Posted by: Roger Pielke, Jr.

A Guest Post by Greg Nemet, University of Wisconsin.

The Economist has an article this week with the title “bureaucratic meddling has harmed solar power.”

The article points out correctly that the cost of solar power has stopped falling in the past couple of years as a result of scarcity of purified silicon, the main material used to make solar panels. It’s an informative article…as long as you ignore the headline and the conclusion that governments should not interfere with the development of new technologies.

Any subsidy program will put upward pressure on prices in the near term, as people are generally willing to pay more for something when someone else pays part of the cost. The important question is what happens in the longer term. And despite the recent rise in prices, the subsidy program in Germany and the market for solar it has created over the past eight years, have set in motion promising trends: new purified silicon plants are coming on line that will make the input material for solar panels much cheaper, the rise in silicon cost has led to rapid reductions in the amount of material used, and the scale of demand has made it worthwhile for German machine tool companies to develop PV-specific manufacturing machinery that they now export to low-cost PV factories in China. These developments are highly promising for cheaper PV; and they are very closely tied to important policy innovations, also known as “bureaucratic meddling.”

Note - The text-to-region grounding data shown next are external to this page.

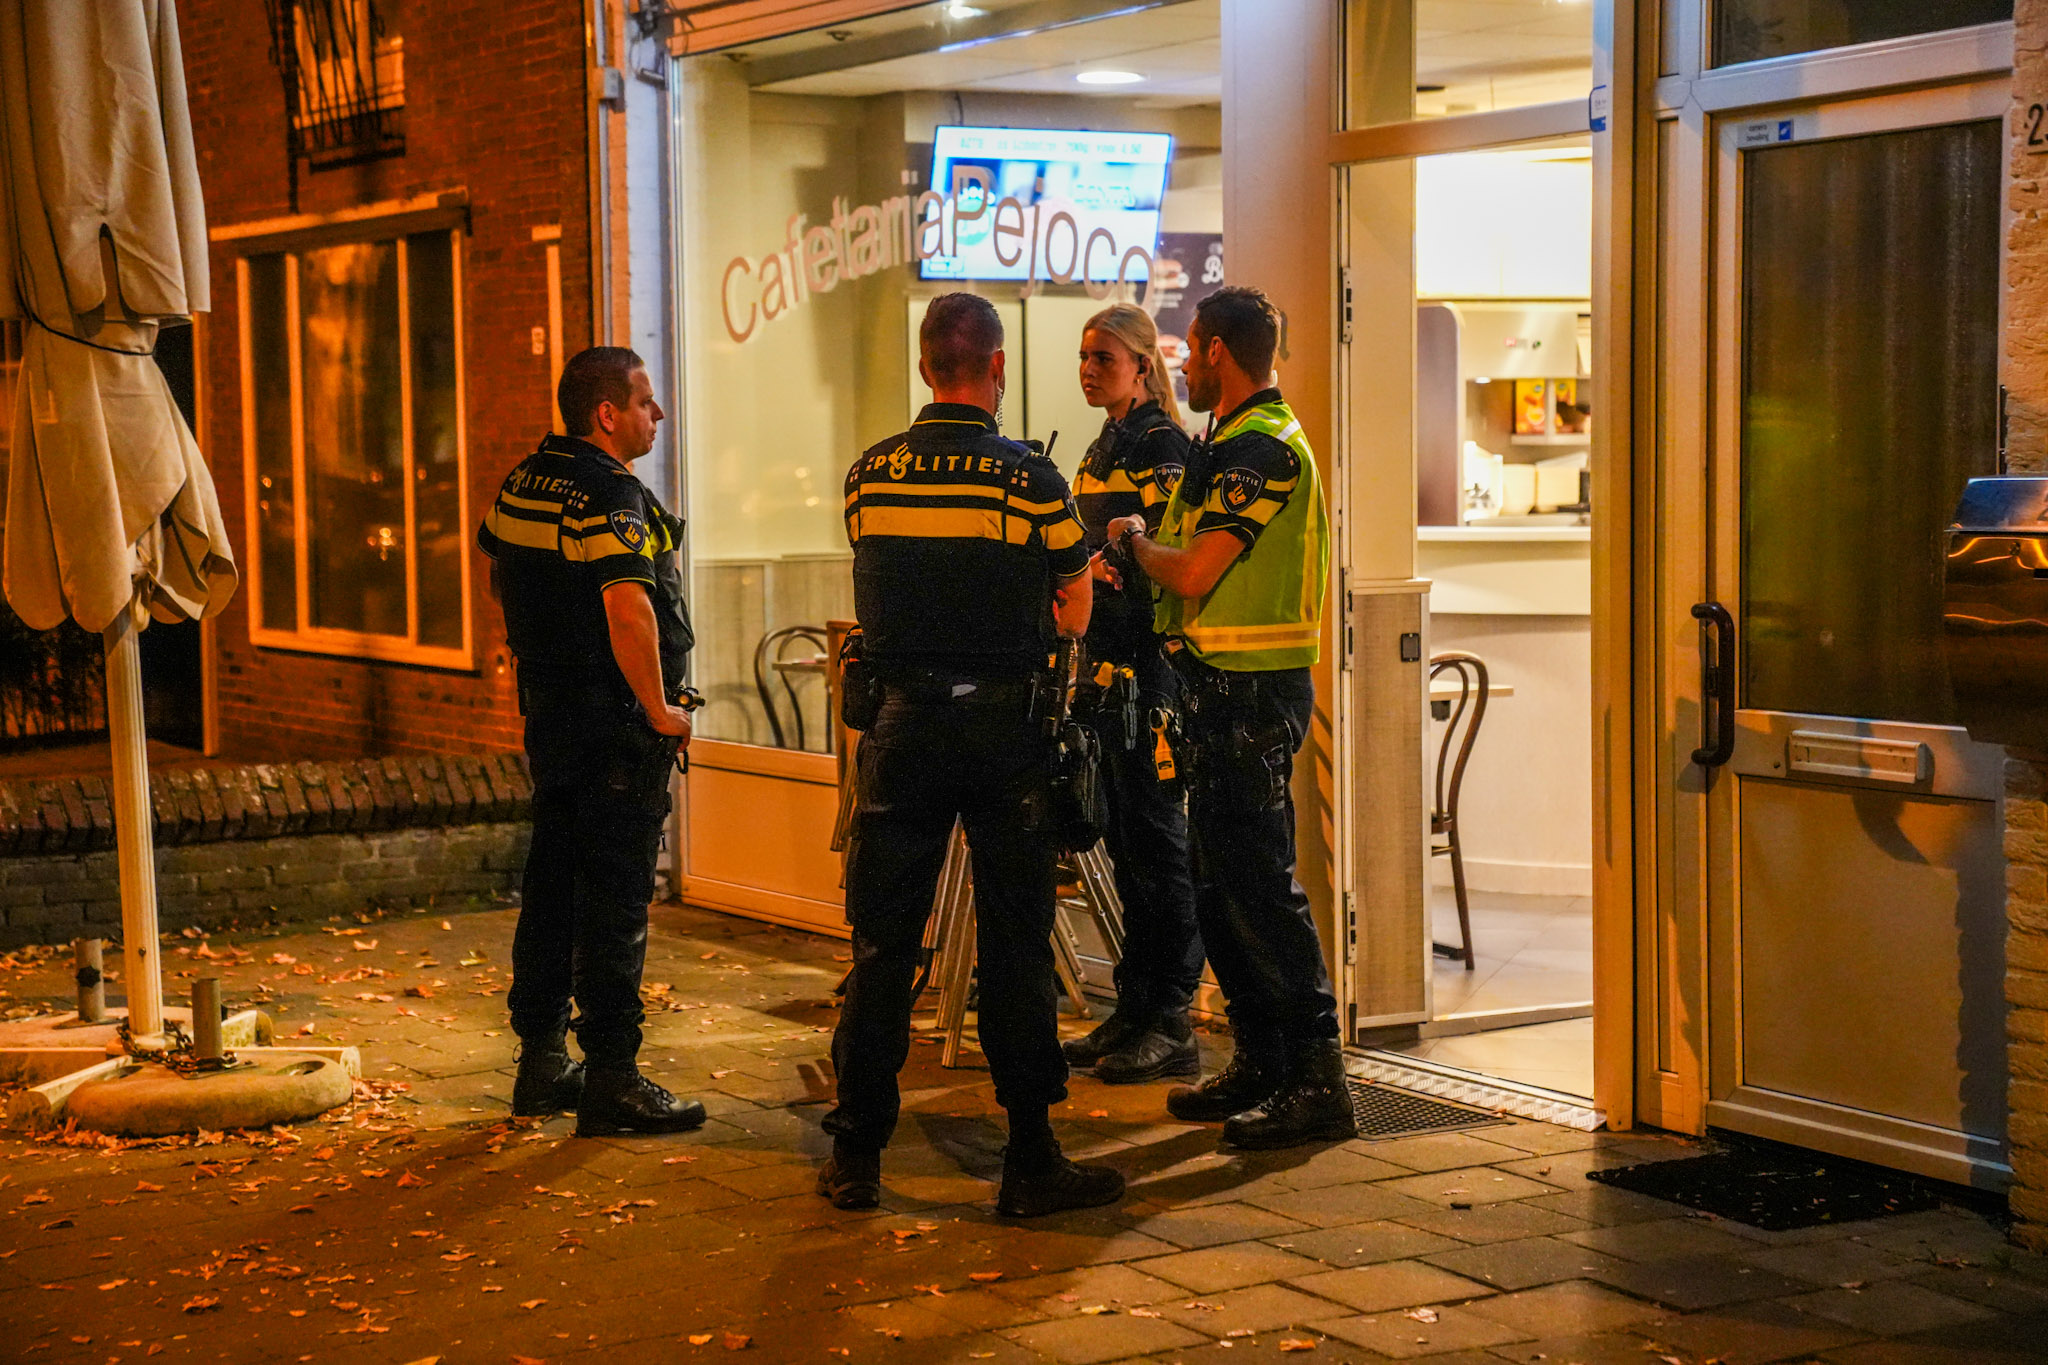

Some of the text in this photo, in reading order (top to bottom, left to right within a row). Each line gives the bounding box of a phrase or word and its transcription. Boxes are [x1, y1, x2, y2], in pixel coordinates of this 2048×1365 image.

[2028, 103, 2048, 146] 2
[951, 165, 1155, 316] Pejoco
[874, 446, 993, 480] POLITIE
[1227, 471, 1259, 486] POLITIE
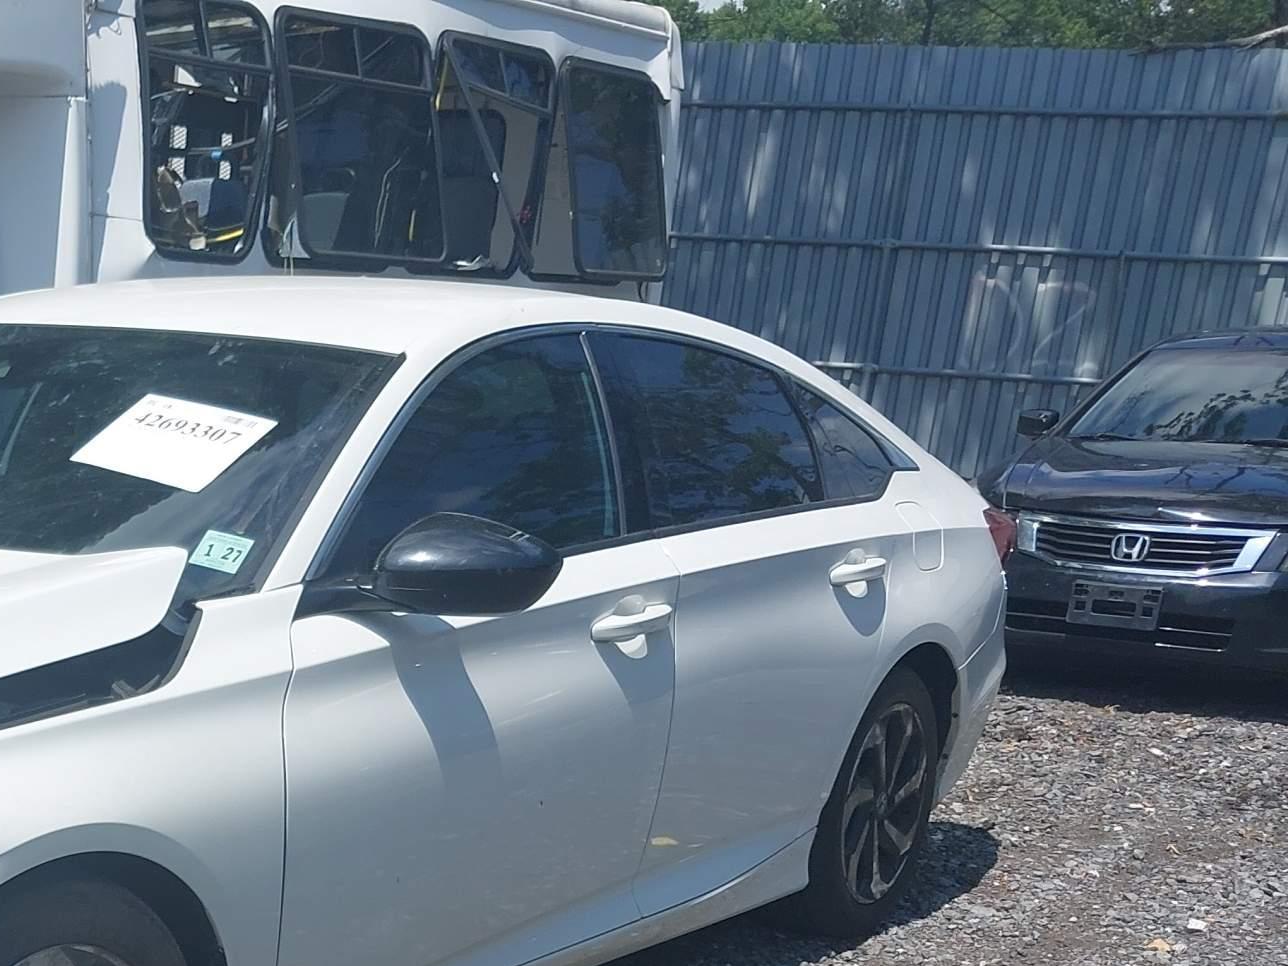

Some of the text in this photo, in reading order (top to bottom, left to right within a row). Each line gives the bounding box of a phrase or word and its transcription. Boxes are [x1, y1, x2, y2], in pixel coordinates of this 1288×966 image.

The bigger problem, that the article misses, is that the solar technology being used today is unlikely ever to get cheap enough for truly massive deployment, even if the factors above engender substantial cost reductions in the next several years. In a recent study (PDF), we compared the effects of subsidies and R&D on the cost of solar power and found that you can’t get to really cheap solar with subsidies alone. Subsidies can help enable economies of scale and learning-by-doing, but they are not enough. Technology breakthroughs are also needed if PV is going to get cheap enough to compete with coal or gas or, eventually, nuclear power—even with high carbon prices. Some of the technical improvements that will enable commercialization of cheap PV are certainly best left to the private sector. But the history of technology policy suggests that the fundamental breakthroughs required will need to come from more bureaucratic meddling in the form of publicly sponsored R&D funding.